Title: Discovery of Beet Black Scorch Virus in the United States

Author
item Weiland, John
item Larson, Rebecca
item FREEMAN, THOMAS - UNIV OF NORTH DAKOTA
item Edwards, Michael
item Liu, Hsing Yeh

Submitted to: American Society of Sugarbeet Technologists
Publication Type: Abstract Only
Publication Acceptance Date: 1/29/2007
Publication Date: 8/1/2007
Citation: Weiland, J.J., Larson, R.L., Freeman, T.P., Edwards, M.C., Liu, H. 2007. Discovery of Beet Black Scorch Virus in the United States [abstract.] In: Proceedings of the 34th Biennial Meeting of the American Society of Sugarbeet Technologists, Agricutlure, February 28-March 3, 2007. p. 185

Interpretive Summary:

Technical Abstract: Emerging diseases of sugarbeet in the U.S. caused by viruses, bacteria, and fungi have been observed in recent years that primarily are soilborne in nature.
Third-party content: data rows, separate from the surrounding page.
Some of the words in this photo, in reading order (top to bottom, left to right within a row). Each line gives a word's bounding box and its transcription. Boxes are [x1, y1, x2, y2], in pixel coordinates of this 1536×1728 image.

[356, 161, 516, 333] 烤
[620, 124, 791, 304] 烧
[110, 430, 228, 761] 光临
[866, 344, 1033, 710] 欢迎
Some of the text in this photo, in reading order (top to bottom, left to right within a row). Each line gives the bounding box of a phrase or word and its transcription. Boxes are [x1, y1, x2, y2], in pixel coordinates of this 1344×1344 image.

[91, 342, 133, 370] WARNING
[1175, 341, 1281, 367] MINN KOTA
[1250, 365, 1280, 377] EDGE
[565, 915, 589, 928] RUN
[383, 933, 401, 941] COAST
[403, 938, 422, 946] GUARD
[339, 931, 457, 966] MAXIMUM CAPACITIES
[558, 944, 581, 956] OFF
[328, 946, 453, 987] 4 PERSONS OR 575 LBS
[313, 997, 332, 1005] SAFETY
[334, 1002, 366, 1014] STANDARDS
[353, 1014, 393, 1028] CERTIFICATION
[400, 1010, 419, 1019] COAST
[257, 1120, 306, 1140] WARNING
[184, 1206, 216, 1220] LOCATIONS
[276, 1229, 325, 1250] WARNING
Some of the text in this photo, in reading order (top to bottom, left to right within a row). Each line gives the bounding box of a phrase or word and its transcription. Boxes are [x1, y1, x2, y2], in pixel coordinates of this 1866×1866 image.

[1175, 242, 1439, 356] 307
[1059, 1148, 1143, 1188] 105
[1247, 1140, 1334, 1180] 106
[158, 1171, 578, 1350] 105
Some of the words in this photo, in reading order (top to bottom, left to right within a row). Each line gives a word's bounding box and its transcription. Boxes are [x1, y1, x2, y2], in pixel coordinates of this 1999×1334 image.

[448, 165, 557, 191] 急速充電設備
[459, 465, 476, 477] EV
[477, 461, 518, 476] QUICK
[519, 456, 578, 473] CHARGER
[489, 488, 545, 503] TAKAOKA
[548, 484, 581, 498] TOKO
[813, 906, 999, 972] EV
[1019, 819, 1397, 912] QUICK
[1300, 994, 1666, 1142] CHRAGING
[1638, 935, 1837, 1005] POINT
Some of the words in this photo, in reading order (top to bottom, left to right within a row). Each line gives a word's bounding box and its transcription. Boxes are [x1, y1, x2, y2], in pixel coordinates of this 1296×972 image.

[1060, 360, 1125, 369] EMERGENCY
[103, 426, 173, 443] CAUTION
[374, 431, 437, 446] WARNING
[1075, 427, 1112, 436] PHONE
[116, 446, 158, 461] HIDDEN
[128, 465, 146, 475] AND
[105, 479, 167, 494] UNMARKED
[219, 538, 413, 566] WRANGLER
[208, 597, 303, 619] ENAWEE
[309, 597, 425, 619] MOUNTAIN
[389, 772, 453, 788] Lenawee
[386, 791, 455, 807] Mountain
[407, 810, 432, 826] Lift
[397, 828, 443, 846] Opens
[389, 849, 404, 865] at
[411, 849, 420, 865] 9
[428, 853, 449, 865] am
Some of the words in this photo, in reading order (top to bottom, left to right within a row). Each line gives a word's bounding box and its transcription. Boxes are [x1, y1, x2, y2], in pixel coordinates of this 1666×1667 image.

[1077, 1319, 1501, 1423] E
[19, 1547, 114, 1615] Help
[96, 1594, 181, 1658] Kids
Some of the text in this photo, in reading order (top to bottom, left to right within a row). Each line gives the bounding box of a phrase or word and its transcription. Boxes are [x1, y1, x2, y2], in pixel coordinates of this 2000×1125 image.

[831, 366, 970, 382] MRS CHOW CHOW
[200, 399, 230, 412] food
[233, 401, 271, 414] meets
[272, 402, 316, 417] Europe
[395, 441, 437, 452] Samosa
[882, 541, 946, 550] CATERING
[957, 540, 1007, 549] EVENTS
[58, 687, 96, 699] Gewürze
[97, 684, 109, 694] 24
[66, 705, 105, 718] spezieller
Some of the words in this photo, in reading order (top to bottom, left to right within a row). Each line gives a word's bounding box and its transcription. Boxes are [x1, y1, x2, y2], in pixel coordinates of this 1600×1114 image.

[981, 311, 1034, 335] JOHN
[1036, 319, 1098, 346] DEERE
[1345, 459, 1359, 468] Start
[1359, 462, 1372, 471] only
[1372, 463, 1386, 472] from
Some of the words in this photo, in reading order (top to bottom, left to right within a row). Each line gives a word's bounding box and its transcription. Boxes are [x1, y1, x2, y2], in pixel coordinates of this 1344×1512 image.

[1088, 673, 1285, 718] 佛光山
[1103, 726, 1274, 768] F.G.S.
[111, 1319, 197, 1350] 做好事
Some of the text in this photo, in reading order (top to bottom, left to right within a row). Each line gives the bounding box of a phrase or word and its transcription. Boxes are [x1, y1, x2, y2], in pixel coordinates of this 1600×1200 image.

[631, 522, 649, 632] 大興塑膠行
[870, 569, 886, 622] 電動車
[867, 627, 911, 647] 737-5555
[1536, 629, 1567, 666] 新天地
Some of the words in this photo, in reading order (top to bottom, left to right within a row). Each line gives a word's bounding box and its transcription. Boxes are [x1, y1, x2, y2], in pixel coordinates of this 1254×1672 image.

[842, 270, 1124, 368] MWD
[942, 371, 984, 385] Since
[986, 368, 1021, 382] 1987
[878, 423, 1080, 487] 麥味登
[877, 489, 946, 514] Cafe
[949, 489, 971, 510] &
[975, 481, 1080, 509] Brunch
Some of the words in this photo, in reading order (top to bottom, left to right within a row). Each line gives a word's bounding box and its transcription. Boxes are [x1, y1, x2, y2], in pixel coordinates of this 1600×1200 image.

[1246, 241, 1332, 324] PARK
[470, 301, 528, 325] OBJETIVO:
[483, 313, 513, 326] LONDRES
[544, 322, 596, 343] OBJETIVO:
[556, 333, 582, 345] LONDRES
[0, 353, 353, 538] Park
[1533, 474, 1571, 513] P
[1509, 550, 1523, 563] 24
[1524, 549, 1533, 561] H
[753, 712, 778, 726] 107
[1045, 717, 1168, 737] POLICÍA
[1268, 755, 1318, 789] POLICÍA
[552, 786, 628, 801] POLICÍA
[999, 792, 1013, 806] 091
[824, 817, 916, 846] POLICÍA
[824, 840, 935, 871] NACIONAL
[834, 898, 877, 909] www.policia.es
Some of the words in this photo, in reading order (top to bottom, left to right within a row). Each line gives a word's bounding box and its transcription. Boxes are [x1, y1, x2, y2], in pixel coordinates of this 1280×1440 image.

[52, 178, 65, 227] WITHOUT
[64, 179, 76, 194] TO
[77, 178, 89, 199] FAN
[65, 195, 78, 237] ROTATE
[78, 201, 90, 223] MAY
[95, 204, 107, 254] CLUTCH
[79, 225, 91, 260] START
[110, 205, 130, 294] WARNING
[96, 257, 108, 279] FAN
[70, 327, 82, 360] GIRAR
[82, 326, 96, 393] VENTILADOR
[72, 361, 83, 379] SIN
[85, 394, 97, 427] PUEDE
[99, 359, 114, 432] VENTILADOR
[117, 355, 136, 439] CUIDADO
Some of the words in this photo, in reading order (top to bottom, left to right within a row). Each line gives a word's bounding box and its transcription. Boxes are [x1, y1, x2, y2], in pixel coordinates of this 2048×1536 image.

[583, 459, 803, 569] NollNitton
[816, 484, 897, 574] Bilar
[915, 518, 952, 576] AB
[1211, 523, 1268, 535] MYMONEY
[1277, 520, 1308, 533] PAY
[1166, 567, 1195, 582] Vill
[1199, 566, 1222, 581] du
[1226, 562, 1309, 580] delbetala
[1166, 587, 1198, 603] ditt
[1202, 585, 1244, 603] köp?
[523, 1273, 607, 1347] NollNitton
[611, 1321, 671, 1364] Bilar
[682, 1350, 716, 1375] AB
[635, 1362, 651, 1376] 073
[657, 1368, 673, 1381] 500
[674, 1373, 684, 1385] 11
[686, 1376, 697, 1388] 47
In October 2005, sugarbeet roots exhibiting symptoms indicative of Rhizomania were processed to generate inoculum for the recovery of beet necrotic yellow vein virus (BNYVV), causal agent of that disease. Chenopodium quinoa plants treated with inoculum exhibited lesions indicative of a viral disease, but expanding rapidly and uncharacteristically for BNYVV or the related virus beet soilborne mosaic virus (BSBMV). Thin sections of infected C. quinoa leaves examined by electron microscopy revealed densely packed aggregates of icosahedral virus particles. A purified preparation of the virus was used for genome cloning and to prepare rabbit antiserum for diagnostic purposes. Cloning and sequence analysis of the solitary 3.6 kb single-stranded RNA purified from virus particles revealed a genome with an organization characteristic of the plant Necroviruses in the family Tombusviridae. Alignments of the nucleotide and encoded protein sequences indicated that the virus was Beet Black Scorch Virus (BBSV). A sensitive double antibody sandwich enzyme-linked immunosorbant assay (DAS-ELISA) for BBSV based on rabbit antiserum against the virus was produced. This constitutes the first report, to our knowledge, of the existence of BBSV outside of China.